> **TASK INSTRUCTIONS**
Each entry that follows should be written again verbatim.

%%

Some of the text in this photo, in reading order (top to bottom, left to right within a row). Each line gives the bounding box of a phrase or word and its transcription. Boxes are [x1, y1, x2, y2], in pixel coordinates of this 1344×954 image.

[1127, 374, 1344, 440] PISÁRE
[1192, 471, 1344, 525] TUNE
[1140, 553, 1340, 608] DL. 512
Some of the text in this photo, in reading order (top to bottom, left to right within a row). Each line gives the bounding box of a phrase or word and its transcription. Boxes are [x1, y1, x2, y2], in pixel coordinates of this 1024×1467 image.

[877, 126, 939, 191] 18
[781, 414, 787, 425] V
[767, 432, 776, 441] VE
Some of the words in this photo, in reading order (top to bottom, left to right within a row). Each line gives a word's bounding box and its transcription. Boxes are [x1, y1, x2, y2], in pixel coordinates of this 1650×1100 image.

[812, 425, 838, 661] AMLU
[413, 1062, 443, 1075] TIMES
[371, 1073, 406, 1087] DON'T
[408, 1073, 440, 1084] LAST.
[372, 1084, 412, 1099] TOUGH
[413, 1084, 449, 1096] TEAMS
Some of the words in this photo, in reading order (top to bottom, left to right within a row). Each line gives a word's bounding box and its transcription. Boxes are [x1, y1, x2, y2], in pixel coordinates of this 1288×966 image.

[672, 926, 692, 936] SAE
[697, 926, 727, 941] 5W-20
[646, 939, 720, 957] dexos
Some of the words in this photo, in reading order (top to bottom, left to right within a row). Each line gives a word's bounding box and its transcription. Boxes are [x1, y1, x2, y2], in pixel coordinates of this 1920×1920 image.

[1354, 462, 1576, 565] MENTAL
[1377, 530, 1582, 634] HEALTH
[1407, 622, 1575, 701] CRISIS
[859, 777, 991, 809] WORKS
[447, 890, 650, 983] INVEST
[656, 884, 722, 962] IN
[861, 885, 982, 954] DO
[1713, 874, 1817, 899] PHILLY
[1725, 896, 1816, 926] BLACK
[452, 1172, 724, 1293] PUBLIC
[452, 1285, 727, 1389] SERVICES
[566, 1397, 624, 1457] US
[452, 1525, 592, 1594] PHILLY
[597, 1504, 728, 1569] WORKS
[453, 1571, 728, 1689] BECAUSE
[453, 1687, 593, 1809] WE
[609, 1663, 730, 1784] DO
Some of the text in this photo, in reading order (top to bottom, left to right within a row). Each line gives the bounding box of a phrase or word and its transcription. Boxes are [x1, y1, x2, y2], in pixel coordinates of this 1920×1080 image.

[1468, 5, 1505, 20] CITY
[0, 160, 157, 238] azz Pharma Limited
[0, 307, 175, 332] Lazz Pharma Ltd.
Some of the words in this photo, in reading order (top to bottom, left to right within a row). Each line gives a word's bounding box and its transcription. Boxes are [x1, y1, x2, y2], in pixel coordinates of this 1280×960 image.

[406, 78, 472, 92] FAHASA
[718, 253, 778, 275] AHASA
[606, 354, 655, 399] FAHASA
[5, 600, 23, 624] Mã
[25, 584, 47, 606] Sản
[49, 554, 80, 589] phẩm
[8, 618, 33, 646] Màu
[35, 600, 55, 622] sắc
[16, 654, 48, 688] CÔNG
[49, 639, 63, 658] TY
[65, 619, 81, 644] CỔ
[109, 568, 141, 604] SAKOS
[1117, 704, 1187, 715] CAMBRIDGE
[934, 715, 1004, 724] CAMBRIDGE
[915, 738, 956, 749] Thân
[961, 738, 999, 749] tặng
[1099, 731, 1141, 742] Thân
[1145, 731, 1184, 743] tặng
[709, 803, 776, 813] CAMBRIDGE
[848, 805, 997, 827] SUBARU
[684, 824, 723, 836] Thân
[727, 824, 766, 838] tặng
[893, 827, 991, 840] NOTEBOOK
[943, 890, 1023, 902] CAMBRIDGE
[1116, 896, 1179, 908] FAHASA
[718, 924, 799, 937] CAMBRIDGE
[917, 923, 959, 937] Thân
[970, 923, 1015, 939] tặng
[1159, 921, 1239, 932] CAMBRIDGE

%%

> **ANSWER**
Some of the text in this photo, in reading order (top to bottom, left to right within a row). Each line gives the bounding box of a phrase or word and its transcription. Boxes are [x1, y1, x2, y2], in pixel coordinates of this 1344×954 image.

[1127, 374, 1344, 440] PISÁRE
[1192, 471, 1344, 525] TUNE
[1140, 553, 1340, 608] DL. 512
Some of the text in this photo, in reading order (top to bottom, left to right within a row). Each line gives the bounding box of a phrase or word and its transcription. Boxes are [x1, y1, x2, y2], in pixel coordinates of this 1024×1467 image.

[877, 126, 939, 191] 18
[781, 414, 787, 425] V
[767, 432, 776, 441] VE
Some of the words in this photo, in reading order (top to bottom, left to right within a row). Each line gives a word's bounding box and its transcription. Boxes are [x1, y1, x2, y2], in pixel coordinates of this 1650×1100 image.

[812, 425, 838, 661] AMLU
[413, 1062, 443, 1075] TIMES
[371, 1073, 406, 1087] DON'T
[408, 1073, 440, 1084] LAST.
[372, 1084, 412, 1099] TOUGH
[413, 1084, 449, 1096] TEAMS
Some of the words in this photo, in reading order (top to bottom, left to right within a row). Each line gives a word's bounding box and its transcription. Boxes are [x1, y1, x2, y2], in pixel coordinates of this 1288×966 image.

[672, 926, 692, 936] SAE
[697, 926, 727, 941] 5W-20
[646, 939, 720, 957] dexos
Some of the words in this photo, in reading order (top to bottom, left to right within a row). Each line gives a word's bounding box and its transcription. Boxes are [x1, y1, x2, y2], in pixel coordinates of this 1920×1920 image.

[1354, 462, 1576, 565] MENTAL
[1377, 530, 1582, 634] HEALTH
[1407, 622, 1575, 701] CRISIS
[859, 777, 991, 809] WORKS
[447, 890, 650, 983] INVEST
[656, 884, 722, 962] IN
[861, 885, 982, 954] DO
[1713, 874, 1817, 899] PHILLY
[1725, 896, 1816, 926] BLACK
[452, 1172, 724, 1293] PUBLIC
[452, 1285, 727, 1389] SERVICES
[566, 1397, 624, 1457] US
[452, 1525, 592, 1594] PHILLY
[597, 1504, 728, 1569] WORKS
[453, 1571, 728, 1689] BECAUSE
[453, 1687, 593, 1809] WE
[609, 1663, 730, 1784] DO
Some of the text in this photo, in reading order (top to bottom, left to right within a row). Each line gives the bounding box of a phrase or word and its transcription. Boxes are [x1, y1, x2, y2], in pixel coordinates of this 1920×1080 image.

[1468, 5, 1505, 20] CITY
[0, 160, 157, 238] azz Pharma Limited
[0, 307, 175, 332] Lazz Pharma Ltd.
Some of the words in this photo, in reading order (top to bottom, left to right within a row). Each line gives a word's bounding box and its transcription. Boxes are [x1, y1, x2, y2], in pixel coordinates of this 1280×960 image.

[406, 78, 472, 92] FAHASA
[718, 253, 778, 275] AHASA
[606, 354, 655, 399] FAHASA
[5, 600, 23, 624] Mã
[25, 584, 47, 606] Sản
[49, 554, 80, 589] phẩm
[8, 618, 33, 646] Màu
[35, 600, 55, 622] sắc
[16, 654, 48, 688] CÔNG
[49, 639, 63, 658] TY
[65, 619, 81, 644] CỔ
[109, 568, 141, 604] SAKOS
[1117, 704, 1187, 715] CAMBRIDGE
[934, 715, 1004, 724] CAMBRIDGE
[915, 738, 956, 749] Thân
[961, 738, 999, 749] tặng
[1099, 731, 1141, 742] Thân
[1145, 731, 1184, 743] tặng
[709, 803, 776, 813] CAMBRIDGE
[848, 805, 997, 827] SUBARU
[684, 824, 723, 836] Thân
[727, 824, 766, 838] tặng
[893, 827, 991, 840] NOTEBOOK
[943, 890, 1023, 902] CAMBRIDGE
[1116, 896, 1179, 908] FAHASA
[718, 924, 799, 937] CAMBRIDGE
[917, 923, 959, 937] Thân
[970, 923, 1015, 939] tặng
[1159, 921, 1239, 932] CAMBRIDGE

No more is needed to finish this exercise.